[Image-backed grounding data]
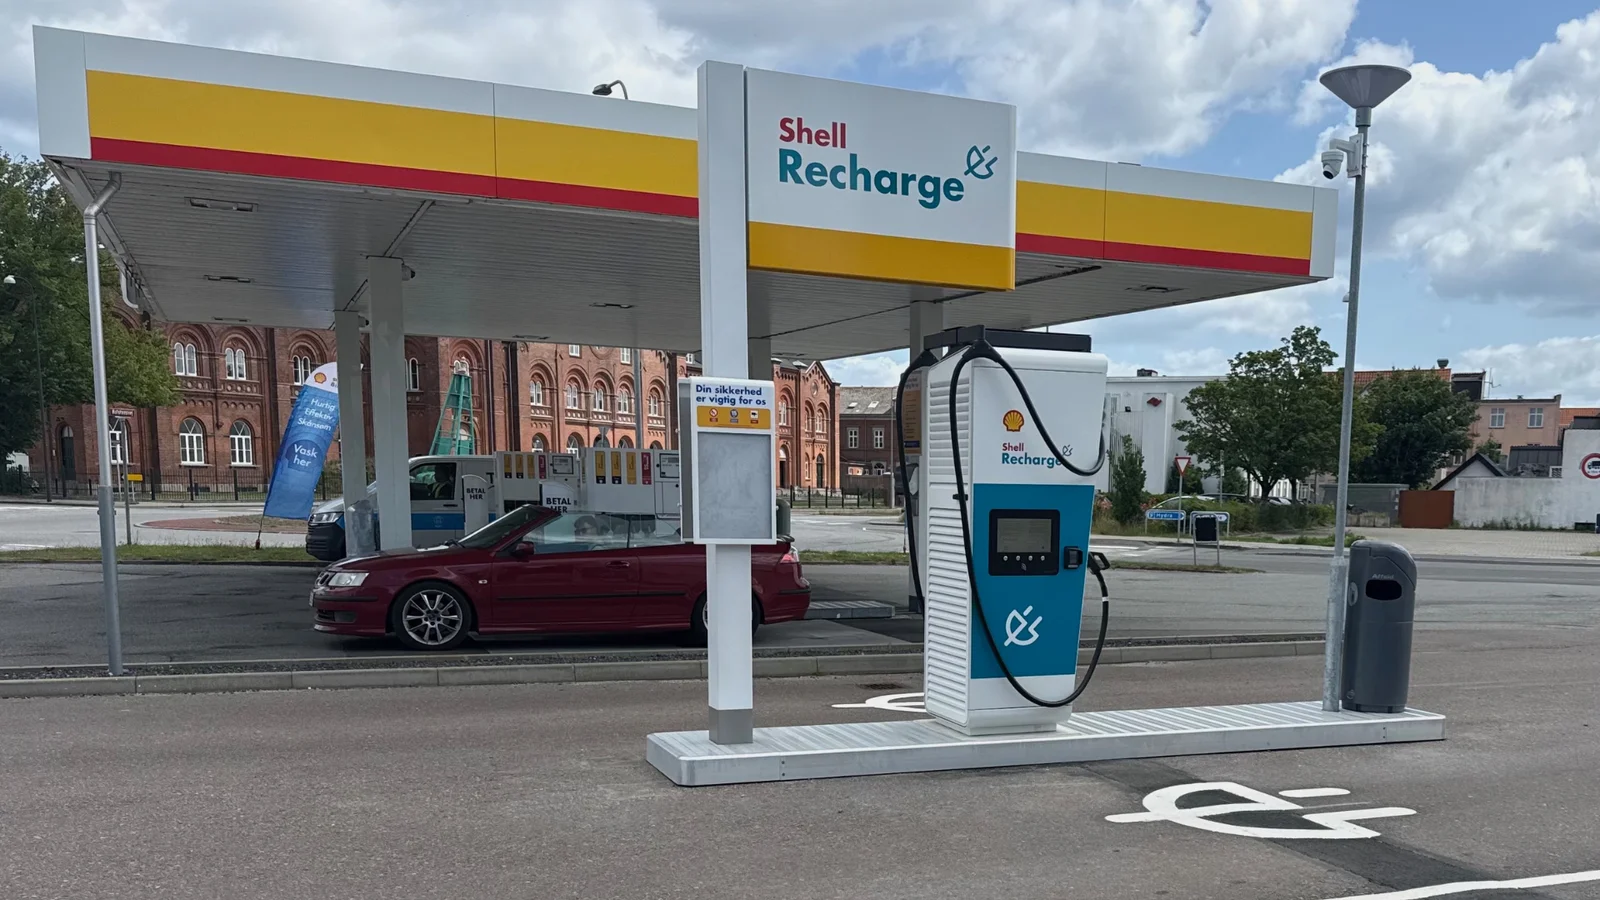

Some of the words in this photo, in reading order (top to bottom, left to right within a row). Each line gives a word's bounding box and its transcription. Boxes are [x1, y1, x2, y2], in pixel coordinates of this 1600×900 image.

[779, 117, 847, 149] Shell
[778, 148, 965, 209] Recharge
[696, 385, 712, 393] Din
[715, 386, 762, 396] sikkerhed
[708, 394, 736, 406] vigtig
[739, 397, 753, 405] for
[294, 444, 318, 458] Vask
[1002, 443, 1024, 451] Shell
[294, 457, 311, 467] her
[1002, 453, 1061, 468] Recharge
[546, 497, 572, 505] BETAL

Task brief:
A faithful copy of all the data above, without its pictures, is the expected result.

Response to the exercise:
Some of the words in this photo, in reading order (top to bottom, left to right within a row). Each line gives a word's bounding box and its transcription. Boxes are [x1, y1, x2, y2], in pixel coordinates of this 1600×900 image.

[779, 117, 847, 149] Shell
[778, 148, 965, 209] Recharge
[696, 385, 712, 393] Din
[715, 386, 762, 396] sikkerhed
[708, 394, 736, 406] vigtig
[739, 397, 753, 405] for
[294, 444, 318, 458] Vask
[1002, 443, 1024, 451] Shell
[294, 457, 311, 467] her
[1002, 453, 1061, 468] Recharge
[546, 497, 572, 505] BETAL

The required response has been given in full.